20.2. Operating System Booting


There are a number of different ways to boot virtual machines each with their own pros and cons. Each one is described in the sub-sections that follow and include: BIOS boot loader, host physical machine boot loader, and direct kernel boot.

20.2.1. BIOS Boot loader

Booting through the BIOS is available for hypervisors supporting full virtualization. In this case the BIOS has a boot order priority (floppy, harddisk, cdrom, network) determining where to obtain/find the boot image. The OS section of the domain XML contains the information as follows:

  ...
  <os>
    <type>hvm</type>
    <loader>/usr/lib/xen/boot/hvmloader</loader>
    <boot dev='hd'/>
    <boot dev='cdrom'/>
    <bootmenu enable='yes'/>
    <smbios mode='sysinfo'/>
    <bios useserial='yes' rebootTimeout='0'/>
  </os>
  ...

Figure 20.2. BIOS boot loader domain XML

The components of this section of the domain XML are as follows:
Table 20.2. BIOS boot loader elements
ElementDescription
<type>Specifies the type of operating system to be booted on the guest virtual machine. hvm indicates that the OS is one designed to run on bare metal, so requires full virtualization. linux refers to an OS that supports the Xen 3 hypervisor guest ABI. There are also two optional attributes, arch specifying the CPU architecture to virtualization, and machine referring to the machine type. Refer to Driver Capabilities for more information.
<loader>refers to a piece of firmware that is used to assist the domain creation process. It is only needed for using Xen fully virtualized domains.
<boot>takes one of the values:fd, hd, cdrom or network and is used to specify the next boot device to consider. The boot element can be repeated multiple times to setup a priority list of boot devices to try in turn. Multiple devices of the same type are sorted according to their targets while preserving the order of buses. After defining the domain, its XML configuration returned by libvirt (through virDomainGetXMLDesc) lists devices in the sorted order. Once sorted, the first device is marked as bootable.
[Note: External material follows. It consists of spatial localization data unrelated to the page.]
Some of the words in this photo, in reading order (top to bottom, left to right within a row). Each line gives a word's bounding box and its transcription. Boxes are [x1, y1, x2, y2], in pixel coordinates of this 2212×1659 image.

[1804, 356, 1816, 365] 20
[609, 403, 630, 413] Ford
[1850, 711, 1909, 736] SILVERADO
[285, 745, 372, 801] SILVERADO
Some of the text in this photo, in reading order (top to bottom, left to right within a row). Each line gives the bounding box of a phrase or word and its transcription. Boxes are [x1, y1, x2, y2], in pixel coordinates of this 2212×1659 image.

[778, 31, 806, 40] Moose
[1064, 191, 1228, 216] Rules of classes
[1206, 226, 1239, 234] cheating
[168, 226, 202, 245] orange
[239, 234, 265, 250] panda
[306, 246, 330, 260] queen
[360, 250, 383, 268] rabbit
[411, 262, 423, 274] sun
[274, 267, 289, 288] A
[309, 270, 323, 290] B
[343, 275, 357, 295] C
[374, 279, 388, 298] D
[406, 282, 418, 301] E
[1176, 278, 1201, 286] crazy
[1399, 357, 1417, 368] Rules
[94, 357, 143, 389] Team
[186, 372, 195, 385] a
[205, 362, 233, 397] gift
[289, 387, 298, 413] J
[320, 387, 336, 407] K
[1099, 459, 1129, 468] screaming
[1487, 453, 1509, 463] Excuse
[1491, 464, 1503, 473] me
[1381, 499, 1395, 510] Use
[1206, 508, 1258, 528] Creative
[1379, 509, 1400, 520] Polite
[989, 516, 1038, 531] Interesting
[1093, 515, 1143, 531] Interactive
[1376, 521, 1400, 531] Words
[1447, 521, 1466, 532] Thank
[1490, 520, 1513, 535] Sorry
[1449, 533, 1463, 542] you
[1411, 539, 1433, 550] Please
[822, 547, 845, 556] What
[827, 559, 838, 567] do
For more information see BIOS bootloader.
<bootmenu>determines whether or not to enable an interactive boot menu prompt on guest virtual machine startup. The enable attribute can be either yes or no. If not specified, the hypervisor default is used
<smbios>determines how SMBIOS information is made visible in the guest virtual machine. The mode attribute must be specified, as either emulate (lets the hypervisor generate all values), host(copies all of Block 0 and Block 1, except for the UUID, from the host physical machine's SMBIOS values; the virConnectGetSysinfo call can be used to see what values are copied), or sysinfo (uses the values in the sysinfo element). If not specified, the hypervisor default setting is used.
<bios>This element has attribute useserial with possible values yes or no. The attribute enables or disables Serial Graphics Adapter which allows users to see BIOS messages on a serial port. Therefore, one needs to have serial port defined. Note there is another attribute, rebootTimeout that controls whether and after how long the guest virtual machine should start booting again in case the boot fails (according to BIOS). The value is in milliseconds with maximum of 65535 and special value -1 disables the reboot.